The VA Office of Inspector General (OIG) conducted an evaluation of the quality of care provided in the inpatient and outpatient settings of the El Paso VA Health Care System. This included reviews of various aspects of key clinical and administrative processes that affect patient care outcomes—Quality, Safety, and Value; Environment of Care; Medication Management; Diagnostic Care; Community Nursing Home Oversight; Management of Disruptive/Violent Behavior; and Post-Traumatic Stress Disorder Care. OIG also followed up on recommendations from the previous Combined Assessment Program and Community Based Outpatient Clinic and Primary Care Clinic reviews and provided crime awareness briefings to 291 employees. OIG identified certain system weaknesses in credentialing and privileging, patient safety, and root cause analysis; anticoagulation policies and processes; Community Nursing Home Oversight Committee membership; disruptive/violent behavior management training; and suicide risk assessments for patients who screened positive for post-traumatic stress disorder.
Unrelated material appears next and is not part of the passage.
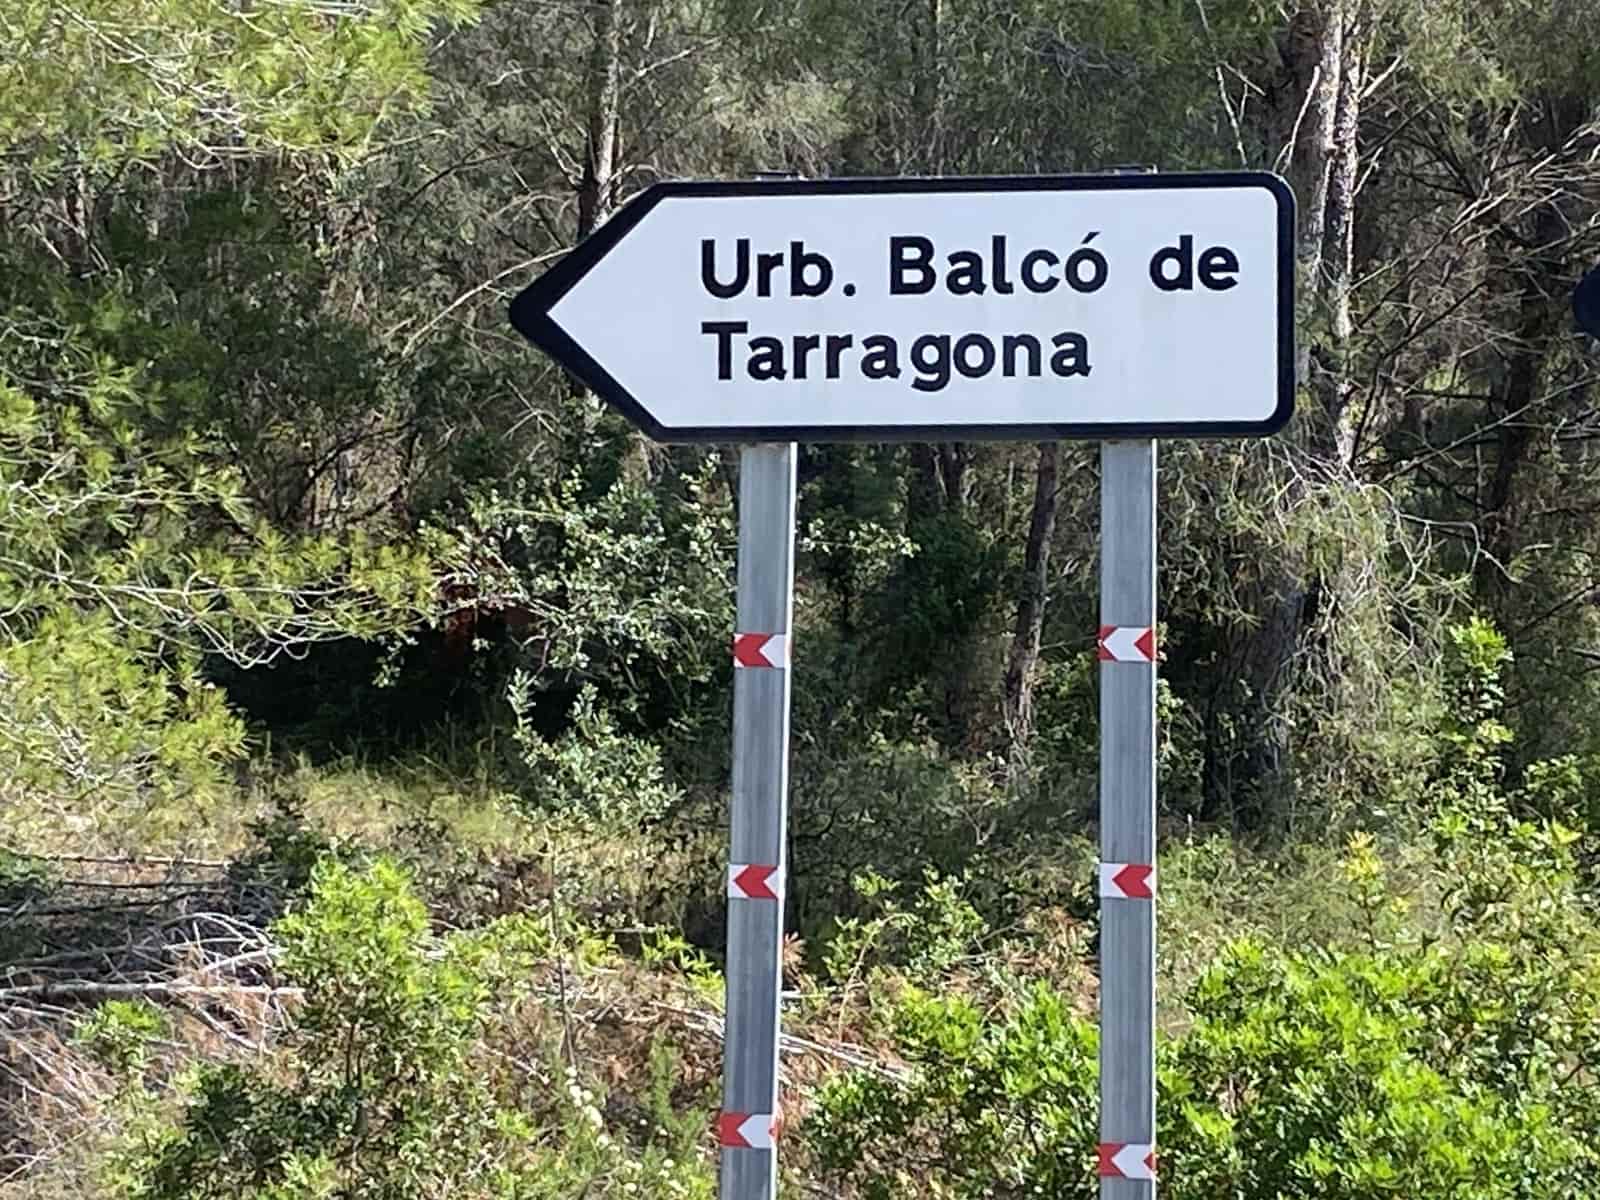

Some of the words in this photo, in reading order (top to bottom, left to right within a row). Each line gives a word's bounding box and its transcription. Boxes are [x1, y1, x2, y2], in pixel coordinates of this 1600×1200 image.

As a result of the findings, OIG could not gain reasonable assurance that: (1) The facility has an effective process for reviewing Ongoing Professional Practice Evaluation data; (2) The Patient Safety Manager enters all reported patient incidents into the required database; (3) The facility takes actions in root cause analyses when data analyses indicate problems or opportunities for improvement; (4) The facility has comprehensive policies and processes for anticoagulation management; (5) The Community Nursing Home Oversight Committee includes all required members; (6) The facility ensures employees receive training to reduce and prevent disruptive behaviors; (7) Patients with positive post-traumatic stress disorder screens receive suicide risk assessments. OIG made recommendations for improvement in the following five review areas: (1) Quality, Safety, and Value; (2) Medication Management: Anticoagulation Therapy; (3) Community Nursing Home Oversight; (4) Management of Disruptive/Violent Behavior; and (5) Post-Traumatic Stress Disorder Care.